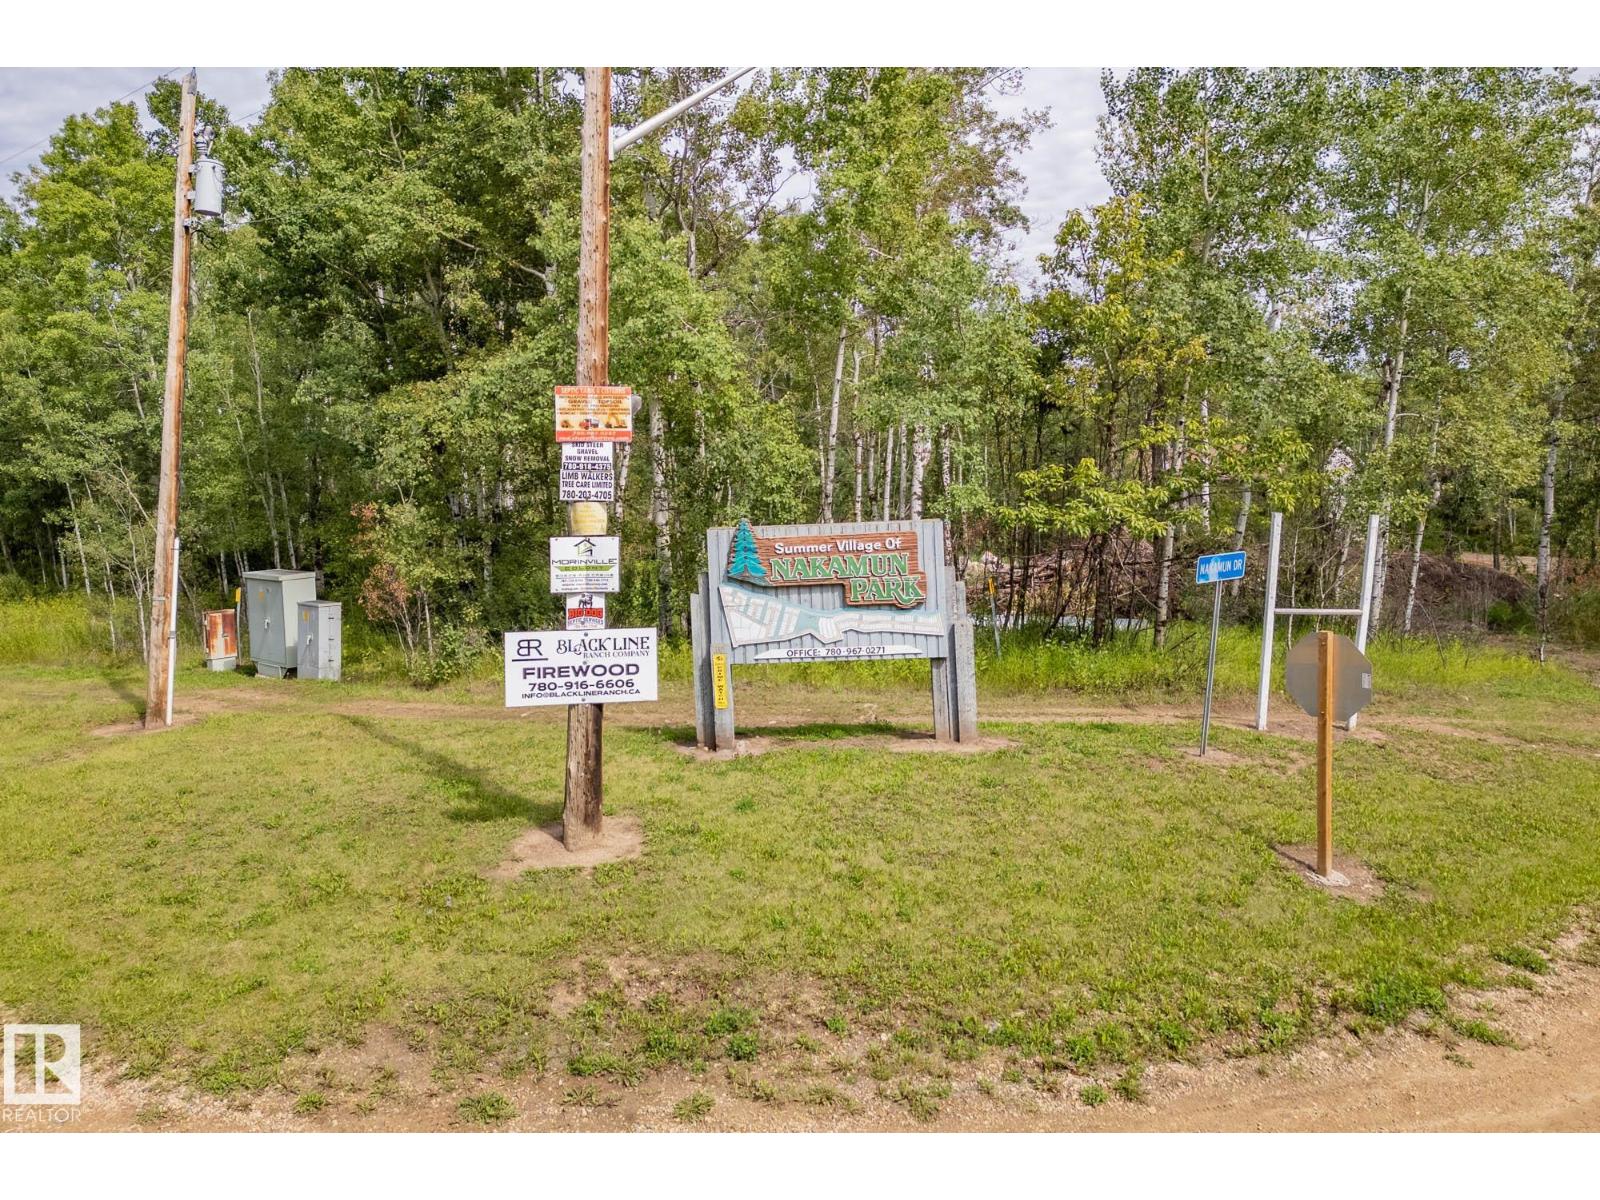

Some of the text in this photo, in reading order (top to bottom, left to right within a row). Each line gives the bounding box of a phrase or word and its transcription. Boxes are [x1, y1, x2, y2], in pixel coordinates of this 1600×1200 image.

[562, 472, 613, 481] LIMB WALKERS
[562, 490, 612, 500] 780-203-4705
[774, 537, 902, 555] Summer Village Of
[770, 553, 910, 581] NAKAMUN
[1233, 559, 1243, 571] DR
[850, 576, 926, 605] PARK
[556, 636, 650, 656] BLACK LINE
[583, 650, 650, 659] RANCH COMPANY
[786, 649, 821, 657] OFFICE:
[522, 663, 640, 680] FIREWOOD
[528, 679, 635, 691] 780-916-6606
[521, 688, 641, 699] INFO@BLACKLINERANCH.CA
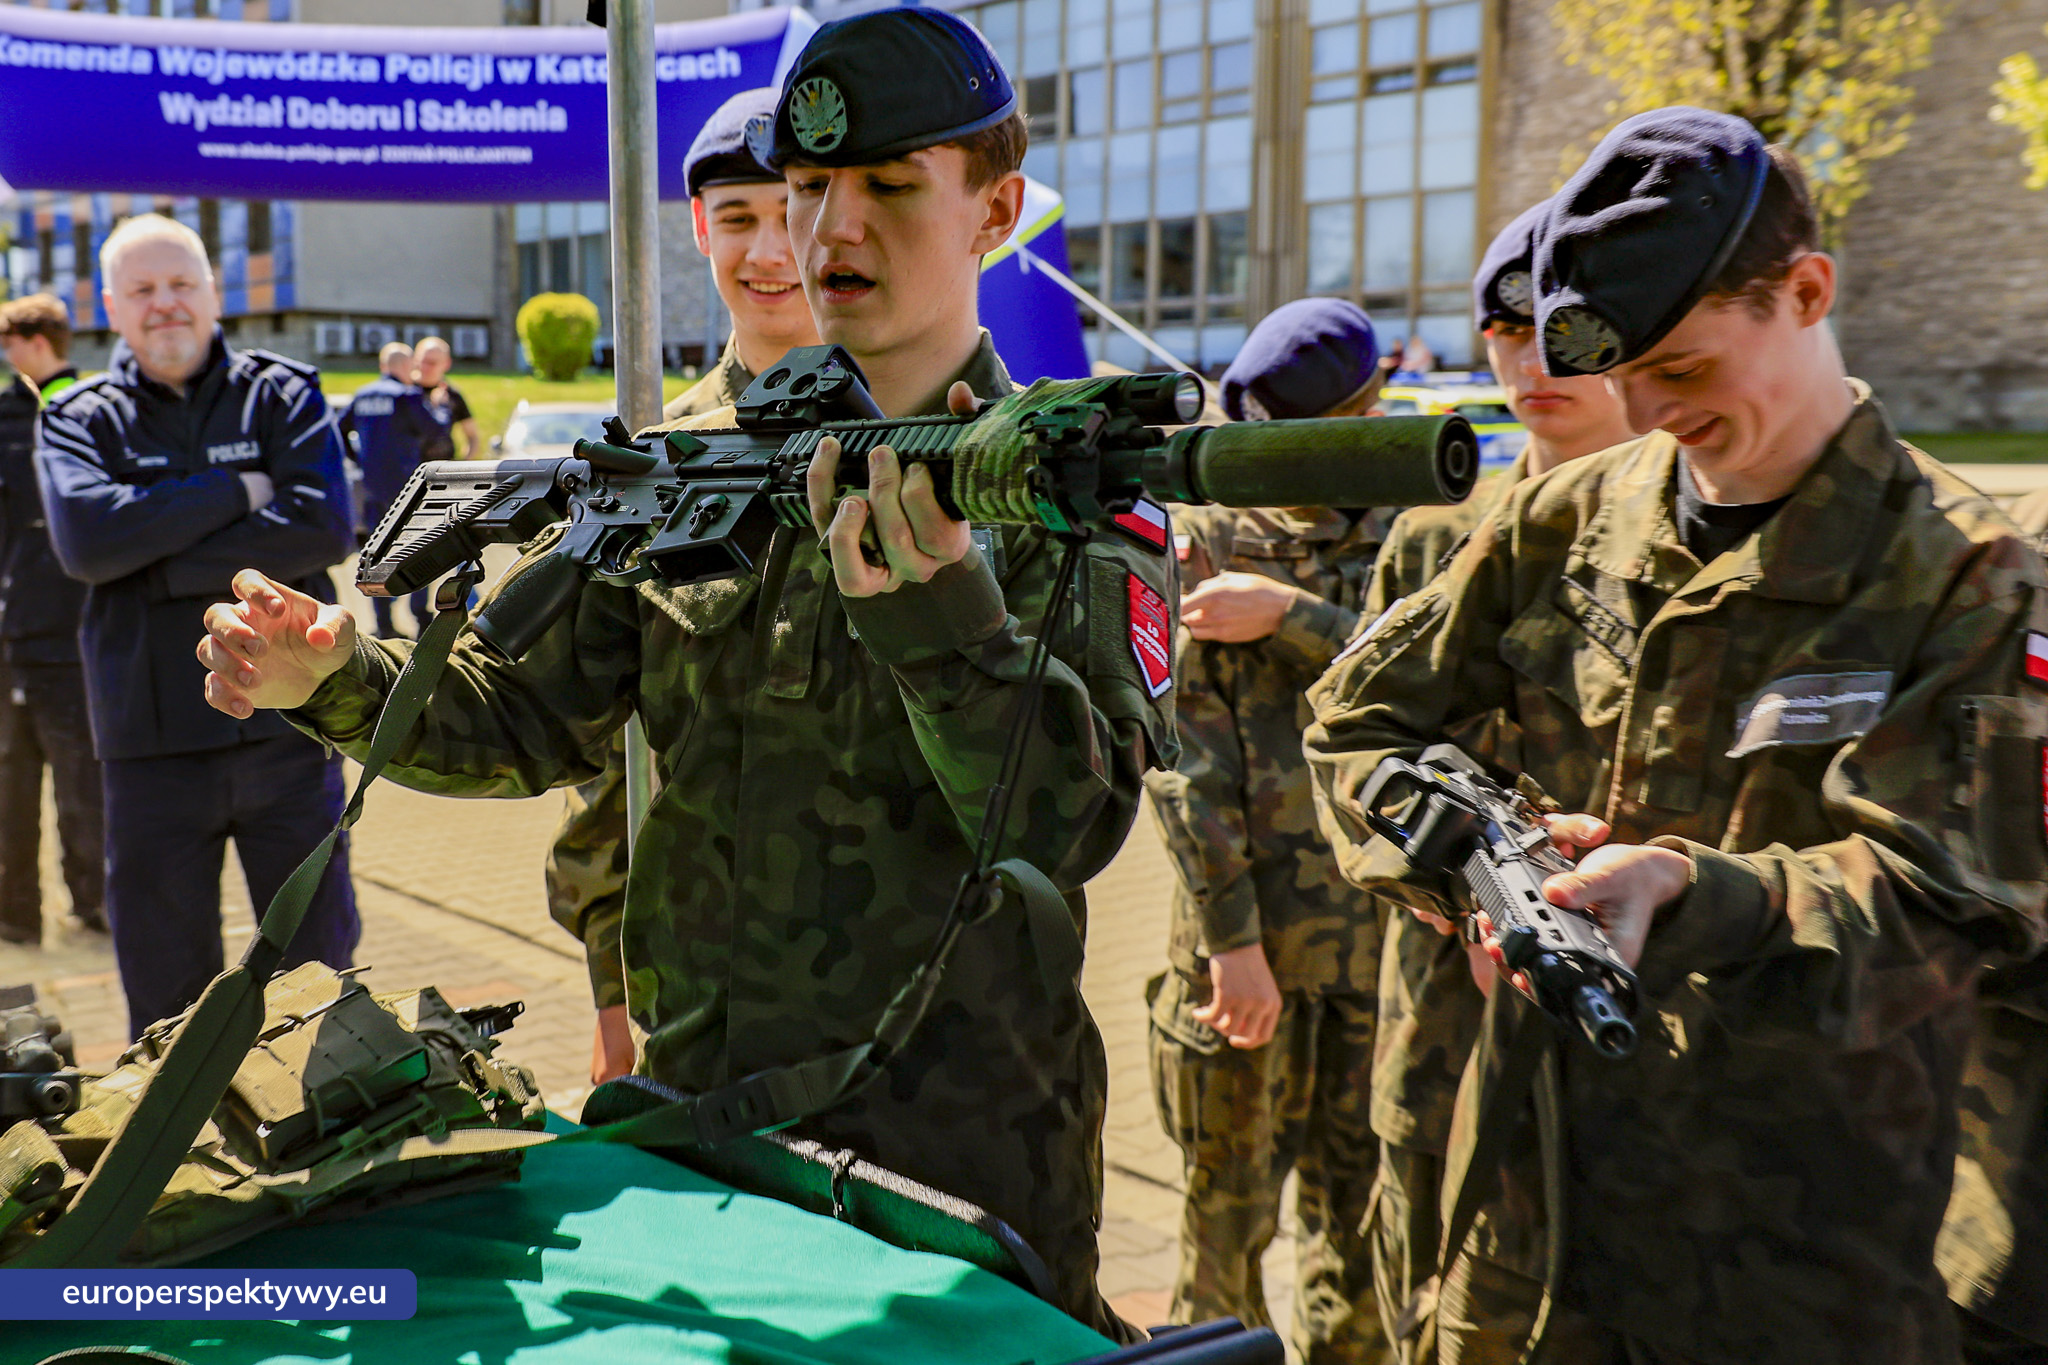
----
YOUR GOAL :: Everything in the entries above should be returned exactly, apart from the pictures.

ANSWER SPACE ::
Some of the text in this photo, in reading order (top to bottom, left to right within a row). Each line gives the bounding box of a phrase or word and its transcription. Boxes are [x1, y1, x2, y2], in pixel coordinates of this 1600×1200 image.

[562, 472, 613, 481] LIMB WALKERS
[562, 490, 612, 500] 780-203-4705
[774, 537, 902, 555] Summer Village Of
[770, 553, 910, 581] NAKAMUN
[1233, 559, 1243, 571] DR
[850, 576, 926, 605] PARK
[556, 636, 650, 656] BLACK LINE
[583, 650, 650, 659] RANCH COMPANY
[786, 649, 821, 657] OFFICE:
[522, 663, 640, 680] FIREWOOD
[528, 679, 635, 691] 780-916-6606
[521, 688, 641, 699] INFO@BLACKLINERANCH.CA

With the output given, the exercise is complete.